United States District Court, D. Maryland

March 26, 2019

MARVIN JONES, Plaintiff,
v.
LT. SMITH, et al., Defendants.

          MEMORANDUM OPINION

          GEORGE L. RUSSELL, III UNITED STATES DISTRICT JUDGE

         THIS MATTER is before the Court on Defendants Lieutenant Smith, Sergeant Daddysman, Officer E. Niland, [1] and Officer Lee's (collectively, “WCI Defendants”) Motion to Dismiss (ECF No. 13). The Motion is ripe for disposition, and no hearing is necessary. See Local Rule 105.6 (D.Md. 2018). For the reasons outlined below, the Court will grant the Motion.

         I. BACKGROUND[2]

         Plaintiff Marvin Jones is incarcerated at Western Correctional Institution (“WCI”) in Cumberland, Maryland. (Compl. at 1, ECF No. 1).[3] In 2011, “an incident took place” between Jones and Officer Scarpelli, a corrections officer at WCI.[4] (Id. at 2; see also Aug. 27, 2018 Correspondence, ECF No. 16). As a result, Jones was place in segregation, and was ultimate transferred out of WCI. (Compl. at 2). Seven years later, Jones was transferred back to WCI. (Id. at 3). Since his return to WCI, gang members have robbed him, he “robbed them back, ” and they “put [a] murder for hire [contract] out on [his] life.” (Id.). Jones told “staff” at WCI that he cannot be safely housed in Maryland. Instead of addressing Jones's concerns, WCI staff placed him in cells with gang members that he is “at odds with.” (Id.). Jones also is “not being properly medically treated, ” but he does not provide any details related to this allegation. (Id.).

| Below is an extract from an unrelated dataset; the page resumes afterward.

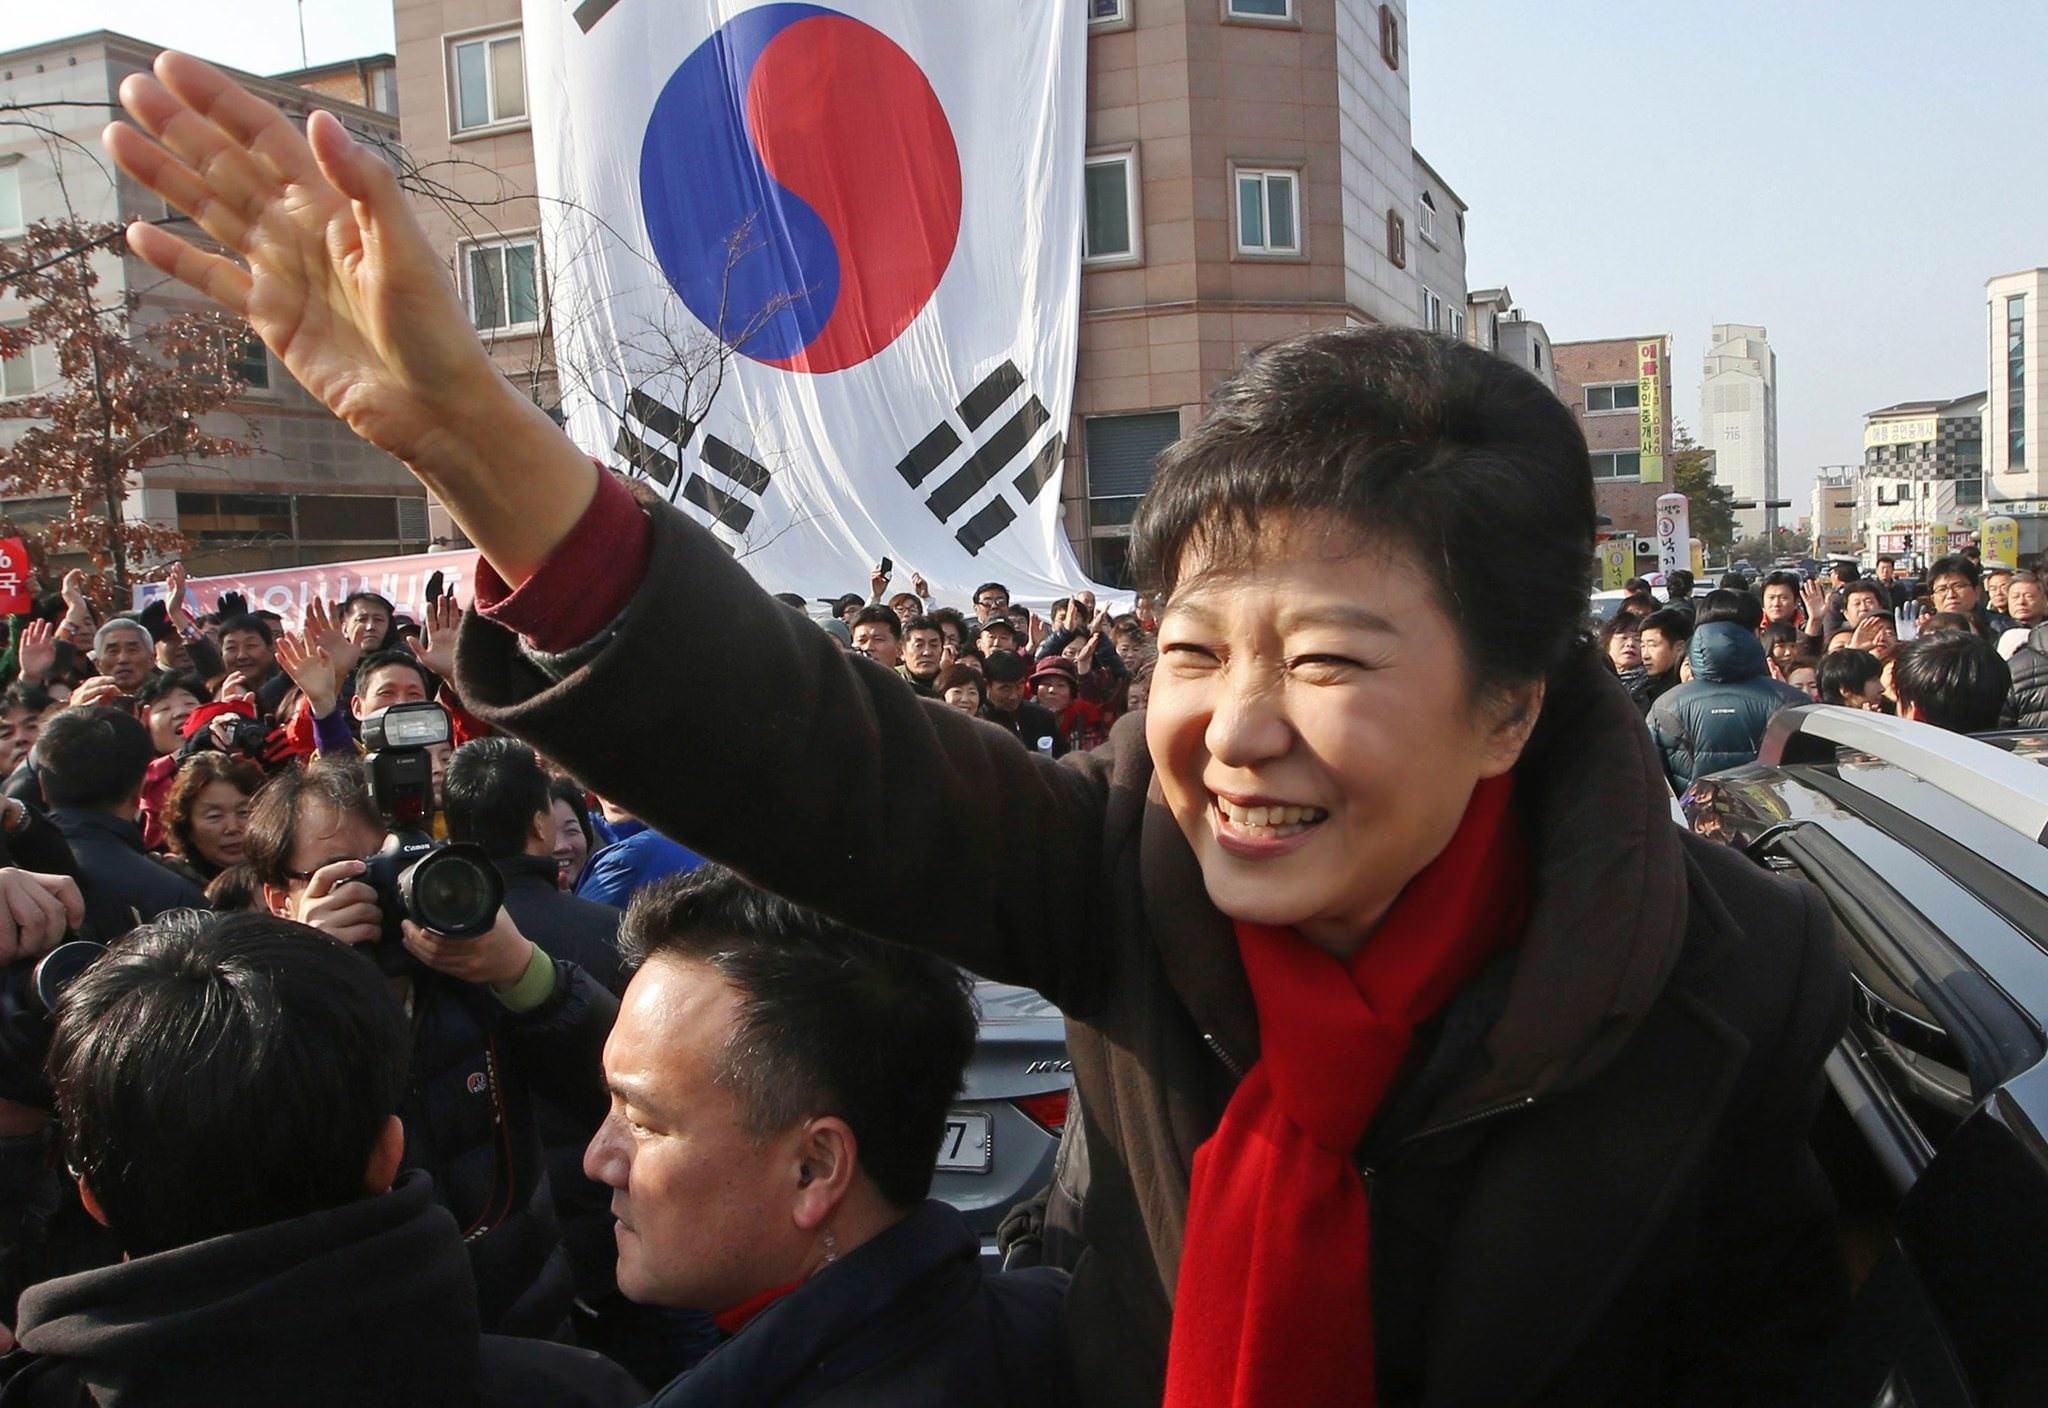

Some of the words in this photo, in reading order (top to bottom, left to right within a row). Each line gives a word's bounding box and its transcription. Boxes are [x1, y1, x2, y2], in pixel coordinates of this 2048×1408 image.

[1640, 377, 1652, 454] 공인중개사
[1724, 431, 1740, 440] 715
[403, 843, 431, 852] Canon
[946, 1122, 967, 1159] 7

         On June 29, 2018, Jones sued Smith, Daddysman, Niland, Lee, and WCI Staff[5]under 42 U.S.C. § 1983 (2018). (ECF No. 1). In his Complaint, Jones alleges that Defendants violated: (1) his due process rights under the Fourteenth Amendment to the U.S. Constitution; and (2) the Eighth Amendment's prohibition against cruel and unusual punishment. (Compl. at 3). Jones seeks monetary compensation because he has been assaulted and asks to be placed in protective custody or transferred out of state. (Id.).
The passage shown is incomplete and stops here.